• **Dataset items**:
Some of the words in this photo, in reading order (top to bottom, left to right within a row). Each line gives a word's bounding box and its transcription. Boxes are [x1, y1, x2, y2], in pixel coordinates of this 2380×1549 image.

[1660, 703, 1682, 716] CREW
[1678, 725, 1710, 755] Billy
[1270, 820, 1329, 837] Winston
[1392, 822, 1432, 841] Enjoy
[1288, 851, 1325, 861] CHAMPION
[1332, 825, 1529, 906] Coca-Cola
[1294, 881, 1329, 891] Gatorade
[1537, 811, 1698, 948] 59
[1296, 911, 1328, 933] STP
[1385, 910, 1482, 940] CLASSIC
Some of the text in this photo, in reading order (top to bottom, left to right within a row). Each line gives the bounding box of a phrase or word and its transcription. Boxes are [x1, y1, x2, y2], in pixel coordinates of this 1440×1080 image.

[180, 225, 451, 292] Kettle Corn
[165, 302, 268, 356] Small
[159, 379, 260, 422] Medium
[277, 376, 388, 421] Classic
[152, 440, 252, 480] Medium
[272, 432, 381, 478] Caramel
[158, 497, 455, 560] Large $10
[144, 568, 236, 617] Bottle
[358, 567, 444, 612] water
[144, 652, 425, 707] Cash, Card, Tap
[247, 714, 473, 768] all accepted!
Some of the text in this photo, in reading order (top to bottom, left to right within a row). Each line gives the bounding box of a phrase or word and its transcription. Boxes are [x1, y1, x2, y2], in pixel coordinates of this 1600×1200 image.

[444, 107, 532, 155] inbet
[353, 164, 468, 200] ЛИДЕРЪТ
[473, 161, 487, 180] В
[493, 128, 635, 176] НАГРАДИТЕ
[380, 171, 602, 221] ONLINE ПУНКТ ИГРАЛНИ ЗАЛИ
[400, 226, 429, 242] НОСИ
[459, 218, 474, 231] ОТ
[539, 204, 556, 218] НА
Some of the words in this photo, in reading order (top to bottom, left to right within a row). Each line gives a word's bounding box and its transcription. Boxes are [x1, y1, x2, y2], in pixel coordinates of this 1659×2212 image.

• **What you should do**:
Above are some records; repeat all of them exactly.

• **Task output**:
Some of the words in this photo, in reading order (top to bottom, left to right within a row). Each line gives a word's bounding box and its transcription. Boxes are [x1, y1, x2, y2], in pixel coordinates of this 2380×1549 image.

[1660, 703, 1682, 716] CREW
[1678, 725, 1710, 755] Billy
[1270, 820, 1329, 837] Winston
[1392, 822, 1432, 841] Enjoy
[1288, 851, 1325, 861] CHAMPION
[1332, 825, 1529, 906] Coca-Cola
[1294, 881, 1329, 891] Gatorade
[1537, 811, 1698, 948] 59
[1296, 911, 1328, 933] STP
[1385, 910, 1482, 940] CLASSIC
Some of the text in this photo, in reading order (top to bottom, left to right within a row). Each line gives the bounding box of a phrase or word and its transcription. Boxes are [x1, y1, x2, y2], in pixel coordinates of this 1440×1080 image.

[180, 225, 451, 292] Kettle Corn
[165, 302, 268, 356] Small
[159, 379, 260, 422] Medium
[277, 376, 388, 421] Classic
[152, 440, 252, 480] Medium
[272, 432, 381, 478] Caramel
[158, 497, 455, 560] Large $10
[144, 568, 236, 617] Bottle
[358, 567, 444, 612] water
[144, 652, 425, 707] Cash, Card, Tap
[247, 714, 473, 768] all accepted!
Some of the text in this photo, in reading order (top to bottom, left to right within a row). Each line gives the bounding box of a phrase or word and its transcription. Boxes are [x1, y1, x2, y2], in pixel coordinates of this 1600×1200 image.

[444, 107, 532, 155] inbet
[353, 164, 468, 200] ЛИДЕРЪТ
[473, 161, 487, 180] В
[493, 128, 635, 176] НАГРАДИТЕ
[380, 171, 602, 221] ONLINE ПУНКТ ИГРАЛНИ ЗАЛИ
[400, 226, 429, 242] НОСИ
[459, 218, 474, 231] ОТ
[539, 204, 556, 218] НА
Some of the words in this photo, in reading order (top to bottom, left to right within a row). Each line gives a word's bounding box and its transcription. Boxes are [x1, y1, x2, y2], in pixel coordinates of this 1659×2212 image.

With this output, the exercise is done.